On Fri, May 23, 2008 at 12:16 PM, Paul Mattal <paul@mattal.com> wrote:
Pierre Schmitz wrote:
Am Freitag, 23. Mai 2008 18:22:34 schrieb Aaron Griffin:
Our non-GPL licensed packages are fairly small compared to the GPL ones
I just did some queries against the db:
packages under GPL: count 5789 sum(isize) 33.88 GB sum(csize) 14.23 GB
packages with other licenses count 1873 sum(isize) 9.82 GB sum(csize) 4.14 GB
packages without licenses count 1578 sum(isize) 4.86 GB sum(csize) 1.80 GB
Those data include both arches and all repos (core, extra, testing, unstable, community)
The sum of csize might be a hint about how much space the src-packages might need.
Remember that GPL3 has new language, which appears at least at first glance to allow you to provide a link to a third party hosting the source. Our PKGBUILDs constitute quite "clear directions" as to where to find the sourc. So I think you only have to mirror for GPL2 holdouts.
From section 6d of GPLv3:
Convey the object code by offering access from a designated place (gratis or for a charge), and offer equivalent access to the Corresponding Source in the same way through the same place at no further charge. You need not require recipients to copy the Corresponding Source along with the object code. If the place to copy the object code is a network server, the Corresponding Source may be on a different server (operated by you or a third party) that supports equivalent copying facilities, provided you maintain clear directions next to the object code saying where to find the Corresponding Source.
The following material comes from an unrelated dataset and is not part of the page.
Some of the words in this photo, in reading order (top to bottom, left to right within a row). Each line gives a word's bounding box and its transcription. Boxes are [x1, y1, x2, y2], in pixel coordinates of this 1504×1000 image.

Regardless of what server hosts the Corresponding Source, you remain obligated to ensure that it is available for as long as needed to satisfy these requirements.
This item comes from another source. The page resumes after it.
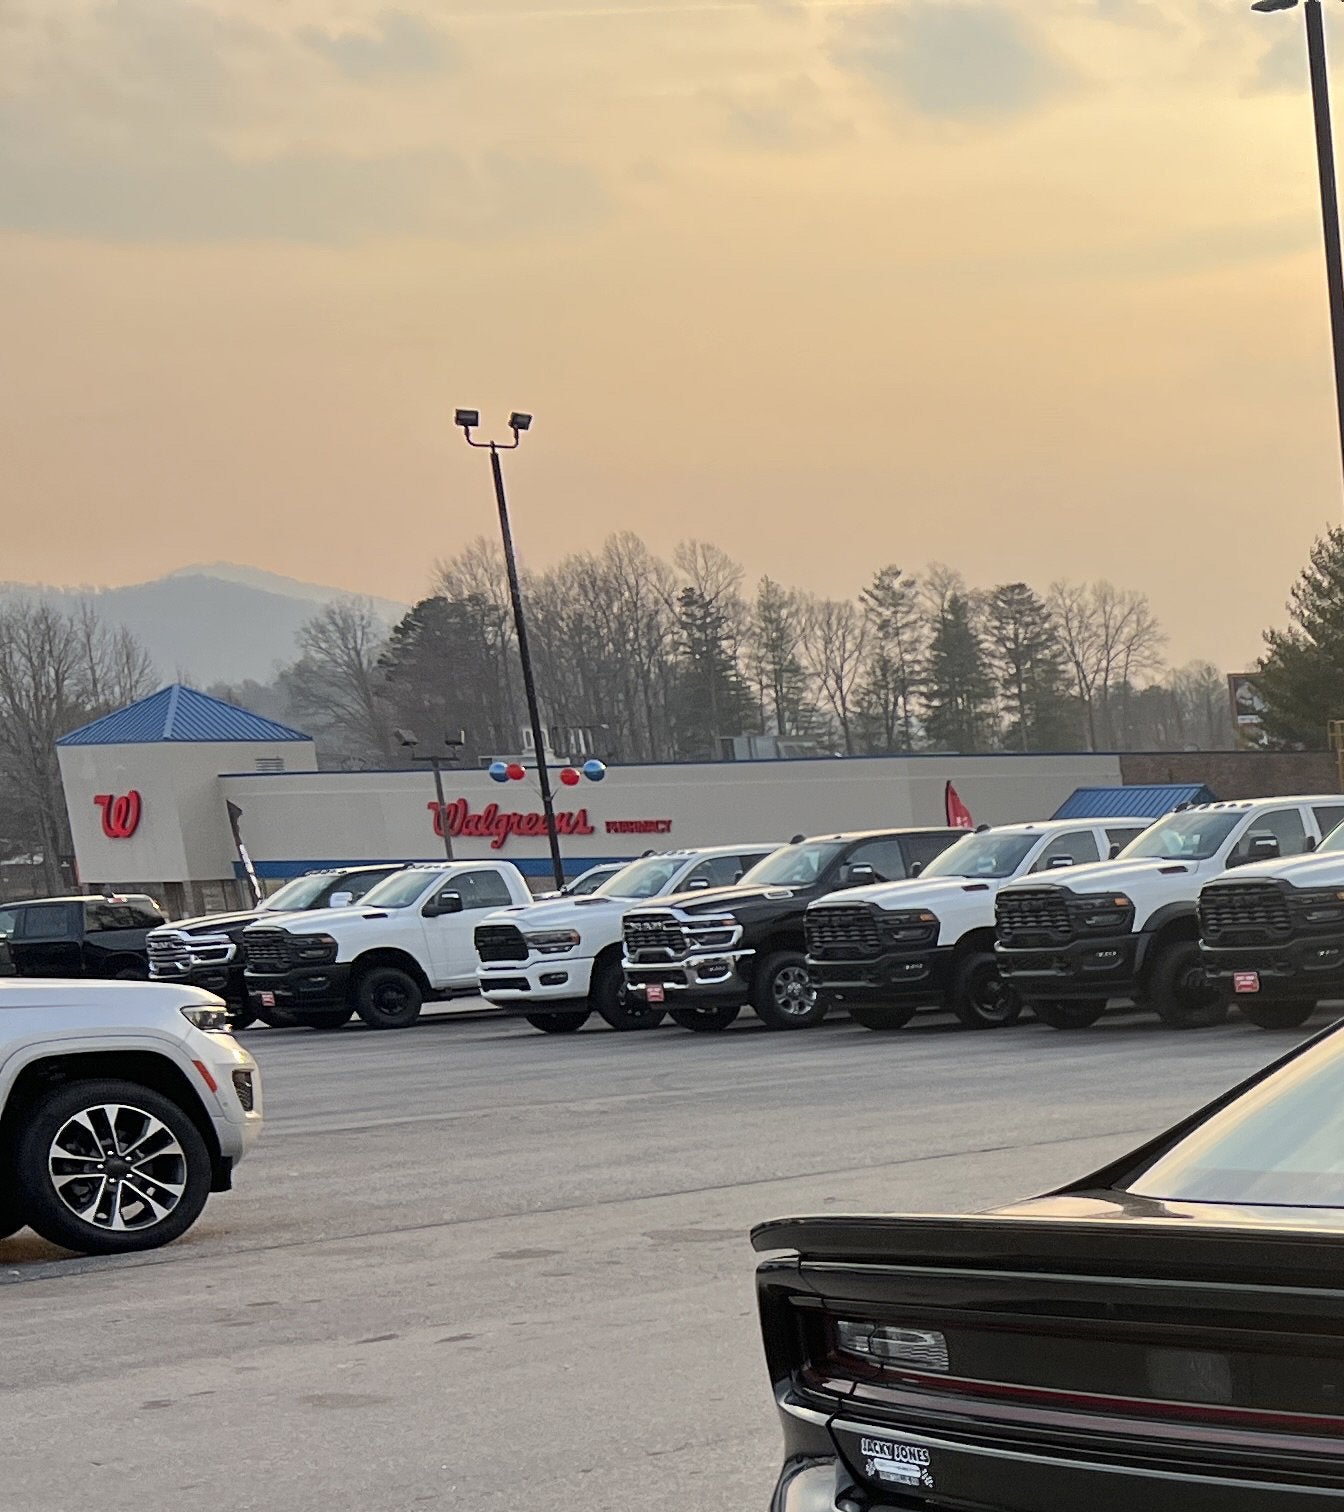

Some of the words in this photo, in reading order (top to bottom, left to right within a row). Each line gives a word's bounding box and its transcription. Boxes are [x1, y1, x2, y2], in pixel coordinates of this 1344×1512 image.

[94, 790, 141, 838] W
[861, 1438, 892, 1459] JACKY
[894, 1444, 930, 1466] JONES
Regardless, mirroring source for all packages seems good. It's easy, and I don't see a reason not to do it. I just wanted to point out that it seems GPL3+ has a less stringent source hosting obligation which it seems clear we already meet.
Agreed. The GPL3 has a clause to the effect of "places like sourceforge are way more trustworthy a server than someotherlinux.org", so yeah they "got it".